## WHAT YOU ARE ASKED TO DO
Copy out each line below exactly as it appears.
=== Begin Enclosure ===
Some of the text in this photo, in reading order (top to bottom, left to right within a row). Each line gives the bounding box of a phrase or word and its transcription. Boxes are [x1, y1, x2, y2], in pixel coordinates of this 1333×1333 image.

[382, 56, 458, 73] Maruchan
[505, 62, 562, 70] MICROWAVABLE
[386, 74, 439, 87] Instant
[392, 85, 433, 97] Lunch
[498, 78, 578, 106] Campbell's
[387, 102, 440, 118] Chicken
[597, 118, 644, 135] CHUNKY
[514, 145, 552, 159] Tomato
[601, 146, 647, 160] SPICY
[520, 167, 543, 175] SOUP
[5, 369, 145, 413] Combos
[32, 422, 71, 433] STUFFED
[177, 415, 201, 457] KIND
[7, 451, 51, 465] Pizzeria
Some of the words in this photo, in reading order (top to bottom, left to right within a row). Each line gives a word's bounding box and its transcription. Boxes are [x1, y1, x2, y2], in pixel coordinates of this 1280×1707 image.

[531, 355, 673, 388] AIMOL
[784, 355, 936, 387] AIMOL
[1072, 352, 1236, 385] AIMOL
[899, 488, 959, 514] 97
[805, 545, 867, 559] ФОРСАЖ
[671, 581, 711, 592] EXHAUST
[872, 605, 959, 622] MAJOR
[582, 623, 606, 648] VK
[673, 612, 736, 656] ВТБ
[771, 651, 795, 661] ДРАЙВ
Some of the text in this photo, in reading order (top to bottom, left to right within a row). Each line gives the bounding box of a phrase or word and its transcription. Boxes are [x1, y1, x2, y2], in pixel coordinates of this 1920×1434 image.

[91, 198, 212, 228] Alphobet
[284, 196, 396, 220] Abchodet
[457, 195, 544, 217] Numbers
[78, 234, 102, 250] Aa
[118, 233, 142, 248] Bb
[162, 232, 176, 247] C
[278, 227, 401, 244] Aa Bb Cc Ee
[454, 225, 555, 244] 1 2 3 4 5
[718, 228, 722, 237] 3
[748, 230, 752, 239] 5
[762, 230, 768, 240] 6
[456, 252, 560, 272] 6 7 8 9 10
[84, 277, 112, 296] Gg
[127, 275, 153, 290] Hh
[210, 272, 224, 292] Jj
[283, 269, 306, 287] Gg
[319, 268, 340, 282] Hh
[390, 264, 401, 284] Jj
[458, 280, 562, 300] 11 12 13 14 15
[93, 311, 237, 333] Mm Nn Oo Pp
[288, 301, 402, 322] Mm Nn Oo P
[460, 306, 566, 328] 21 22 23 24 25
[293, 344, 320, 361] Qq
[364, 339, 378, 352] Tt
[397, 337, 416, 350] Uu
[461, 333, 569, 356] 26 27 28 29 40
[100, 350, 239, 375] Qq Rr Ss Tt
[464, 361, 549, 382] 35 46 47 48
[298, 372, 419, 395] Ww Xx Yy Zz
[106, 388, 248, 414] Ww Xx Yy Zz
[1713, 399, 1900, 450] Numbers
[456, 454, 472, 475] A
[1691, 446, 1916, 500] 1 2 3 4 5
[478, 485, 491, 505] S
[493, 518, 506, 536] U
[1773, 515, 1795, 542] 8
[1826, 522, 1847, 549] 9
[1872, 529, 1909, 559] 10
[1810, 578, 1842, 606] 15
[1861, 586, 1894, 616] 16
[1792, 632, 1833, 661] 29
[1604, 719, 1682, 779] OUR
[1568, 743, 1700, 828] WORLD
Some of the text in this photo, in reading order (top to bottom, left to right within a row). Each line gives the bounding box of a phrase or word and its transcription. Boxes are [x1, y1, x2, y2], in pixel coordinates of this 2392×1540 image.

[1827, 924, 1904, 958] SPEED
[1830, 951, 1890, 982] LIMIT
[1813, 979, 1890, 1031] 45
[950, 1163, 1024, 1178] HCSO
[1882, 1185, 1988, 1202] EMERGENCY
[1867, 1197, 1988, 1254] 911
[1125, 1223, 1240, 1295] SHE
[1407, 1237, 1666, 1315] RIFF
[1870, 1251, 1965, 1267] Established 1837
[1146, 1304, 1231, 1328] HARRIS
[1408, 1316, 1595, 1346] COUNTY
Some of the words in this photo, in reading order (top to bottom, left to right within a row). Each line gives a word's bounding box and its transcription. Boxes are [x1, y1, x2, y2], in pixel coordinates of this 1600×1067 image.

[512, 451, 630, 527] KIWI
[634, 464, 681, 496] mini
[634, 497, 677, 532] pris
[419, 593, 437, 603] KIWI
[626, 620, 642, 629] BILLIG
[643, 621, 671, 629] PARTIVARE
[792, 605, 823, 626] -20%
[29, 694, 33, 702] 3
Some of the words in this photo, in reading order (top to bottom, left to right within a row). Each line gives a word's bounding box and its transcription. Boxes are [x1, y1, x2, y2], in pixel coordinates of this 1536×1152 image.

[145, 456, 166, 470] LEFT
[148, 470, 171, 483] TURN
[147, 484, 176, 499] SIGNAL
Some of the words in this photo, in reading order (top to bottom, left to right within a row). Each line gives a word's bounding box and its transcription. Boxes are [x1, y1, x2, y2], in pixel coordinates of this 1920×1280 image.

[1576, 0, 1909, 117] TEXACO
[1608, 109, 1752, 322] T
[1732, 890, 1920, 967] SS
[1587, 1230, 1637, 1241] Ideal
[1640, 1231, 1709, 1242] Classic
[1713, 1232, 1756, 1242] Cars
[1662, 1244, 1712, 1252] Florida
=== End Enclosure ===
## RESULT OF THE TASK
Some of the text in this photo, in reading order (top to bottom, left to right within a row). Each line gives the bounding box of a phrase or word and its transcription. Boxes are [x1, y1, x2, y2], in pixel coordinates of this 1333×1333 image.

[382, 56, 458, 73] Maruchan
[505, 62, 562, 70] MICROWAVABLE
[386, 74, 439, 87] Instant
[392, 85, 433, 97] Lunch
[498, 78, 578, 106] Campbell's
[387, 102, 440, 118] Chicken
[597, 118, 644, 135] CHUNKY
[514, 145, 552, 159] Tomato
[601, 146, 647, 160] SPICY
[520, 167, 543, 175] SOUP
[5, 369, 145, 413] Combos
[32, 422, 71, 433] STUFFED
[177, 415, 201, 457] KIND
[7, 451, 51, 465] Pizzeria
Some of the words in this photo, in reading order (top to bottom, left to right within a row). Each line gives a word's bounding box and its transcription. Boxes are [x1, y1, x2, y2], in pixel coordinates of this 1280×1707 image.

[531, 355, 673, 388] AIMOL
[784, 355, 936, 387] AIMOL
[1072, 352, 1236, 385] AIMOL
[899, 488, 959, 514] 97
[805, 545, 867, 559] ФОРСАЖ
[671, 581, 711, 592] EXHAUST
[872, 605, 959, 622] MAJOR
[582, 623, 606, 648] VK
[673, 612, 736, 656] ВТБ
[771, 651, 795, 661] ДРАЙВ
Some of the text in this photo, in reading order (top to bottom, left to right within a row). Each line gives the bounding box of a phrase or word and its transcription. Boxes are [x1, y1, x2, y2], in pixel coordinates of this 1920×1434 image.

[91, 198, 212, 228] Alphobet
[284, 196, 396, 220] Abchodet
[457, 195, 544, 217] Numbers
[78, 234, 102, 250] Aa
[118, 233, 142, 248] Bb
[162, 232, 176, 247] C
[278, 227, 401, 244] Aa Bb Cc Ee
[454, 225, 555, 244] 1 2 3 4 5
[718, 228, 722, 237] 3
[748, 230, 752, 239] 5
[762, 230, 768, 240] 6
[456, 252, 560, 272] 6 7 8 9 10
[84, 277, 112, 296] Gg
[127, 275, 153, 290] Hh
[210, 272, 224, 292] Jj
[283, 269, 306, 287] Gg
[319, 268, 340, 282] Hh
[390, 264, 401, 284] Jj
[458, 280, 562, 300] 11 12 13 14 15
[93, 311, 237, 333] Mm Nn Oo Pp
[288, 301, 402, 322] Mm Nn Oo P
[460, 306, 566, 328] 21 22 23 24 25
[293, 344, 320, 361] Qq
[364, 339, 378, 352] Tt
[397, 337, 416, 350] Uu
[461, 333, 569, 356] 26 27 28 29 40
[100, 350, 239, 375] Qq Rr Ss Tt
[464, 361, 549, 382] 35 46 47 48
[298, 372, 419, 395] Ww Xx Yy Zz
[106, 388, 248, 414] Ww Xx Yy Zz
[1713, 399, 1900, 450] Numbers
[456, 454, 472, 475] A
[1691, 446, 1916, 500] 1 2 3 4 5
[478, 485, 491, 505] S
[493, 518, 506, 536] U
[1773, 515, 1795, 542] 8
[1826, 522, 1847, 549] 9
[1872, 529, 1909, 559] 10
[1810, 578, 1842, 606] 15
[1861, 586, 1894, 616] 16
[1792, 632, 1833, 661] 29
[1604, 719, 1682, 779] OUR
[1568, 743, 1700, 828] WORLD
Some of the text in this photo, in reading order (top to bottom, left to right within a row). Each line gives the bounding box of a phrase or word and its transcription. Boxes are [x1, y1, x2, y2], in pixel coordinates of this 2392×1540 image.

[1827, 924, 1904, 958] SPEED
[1830, 951, 1890, 982] LIMIT
[1813, 979, 1890, 1031] 45
[950, 1163, 1024, 1178] HCSO
[1882, 1185, 1988, 1202] EMERGENCY
[1867, 1197, 1988, 1254] 911
[1125, 1223, 1240, 1295] SHE
[1407, 1237, 1666, 1315] RIFF
[1870, 1251, 1965, 1267] Established 1837
[1146, 1304, 1231, 1328] HARRIS
[1408, 1316, 1595, 1346] COUNTY
Some of the words in this photo, in reading order (top to bottom, left to right within a row). Each line gives a word's bounding box and its transcription. Boxes are [x1, y1, x2, y2], in pixel coordinates of this 1600×1067 image.

[512, 451, 630, 527] KIWI
[634, 464, 681, 496] mini
[634, 497, 677, 532] pris
[419, 593, 437, 603] KIWI
[626, 620, 642, 629] BILLIG
[643, 621, 671, 629] PARTIVARE
[792, 605, 823, 626] -20%
[29, 694, 33, 702] 3
Some of the words in this photo, in reading order (top to bottom, left to right within a row). Each line gives a word's bounding box and its transcription. Boxes are [x1, y1, x2, y2], in pixel coordinates of this 1536×1152 image.

[145, 456, 166, 470] LEFT
[148, 470, 171, 483] TURN
[147, 484, 176, 499] SIGNAL
Some of the words in this photo, in reading order (top to bottom, left to right within a row). Each line gives a word's bounding box and its transcription. Boxes are [x1, y1, x2, y2], in pixel coordinates of this 1920×1280 image.

[1576, 0, 1909, 117] TEXACO
[1608, 109, 1752, 322] T
[1732, 890, 1920, 967] SS
[1587, 1230, 1637, 1241] Ideal
[1640, 1231, 1709, 1242] Classic
[1713, 1232, 1756, 1242] Cars
[1662, 1244, 1712, 1252] Florida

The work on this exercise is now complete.